A "destruição criativa", espécie de darwinismo aplicado à sociedade humana, afirma que empresas morrem por serem ineficientes, destruídas por novos empreendedores mais eficientes. Mas a "destruição criativa" não pode ser aplicada a toda uma parte vital e criativa da sociedade brasileira, a classe média.
O emprego e a empregabilidade estão no centro dos problemas de sua inserção numa sociedade cada vez mais complexa. O setor de serviços, especialmente nas atividades de maior conteúdo tecnológico, revela a dificuldade da oferta de postos de trabalho qualificados.
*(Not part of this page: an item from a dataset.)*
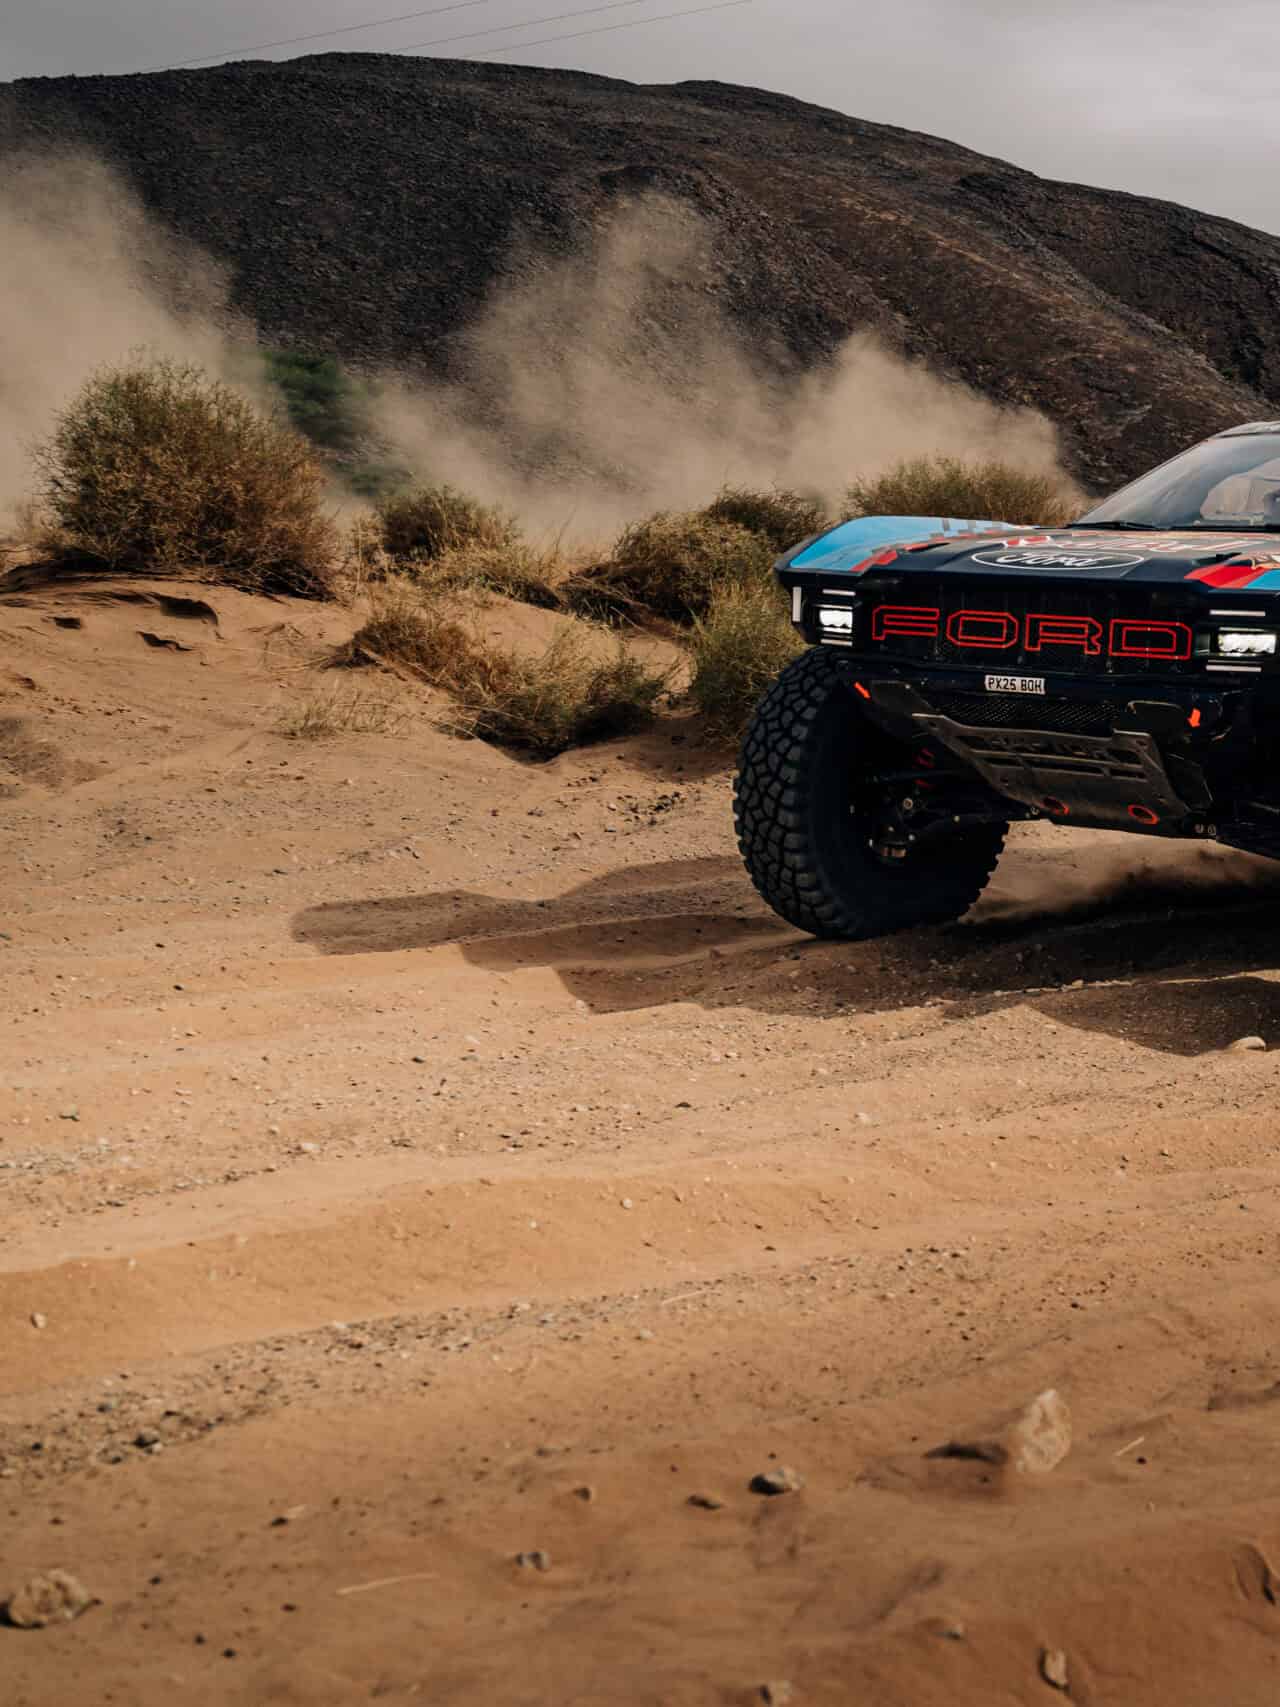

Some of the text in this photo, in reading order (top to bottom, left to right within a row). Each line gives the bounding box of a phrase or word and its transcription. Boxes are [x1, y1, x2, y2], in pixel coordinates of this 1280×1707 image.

[996, 551, 1114, 568] Ford
[871, 605, 1193, 660] FORD
[987, 676, 1018, 691] PX25
A indústria, embora crescendo menos, encontra as mesmas resistências.
Mas, de modo abrangente somente mudanças e reformas, com crescimento econômico numa escala bem maior do que a atual, serão capazes de fazer retornar a esperança da classe média, maior sofredora dos equívocos da política econômica adotada por tantos anos.


BORIS TABACOF é diretor do Departamento de Economia do Ciesp e vice-presidente do Conselho de Administração da Suzano.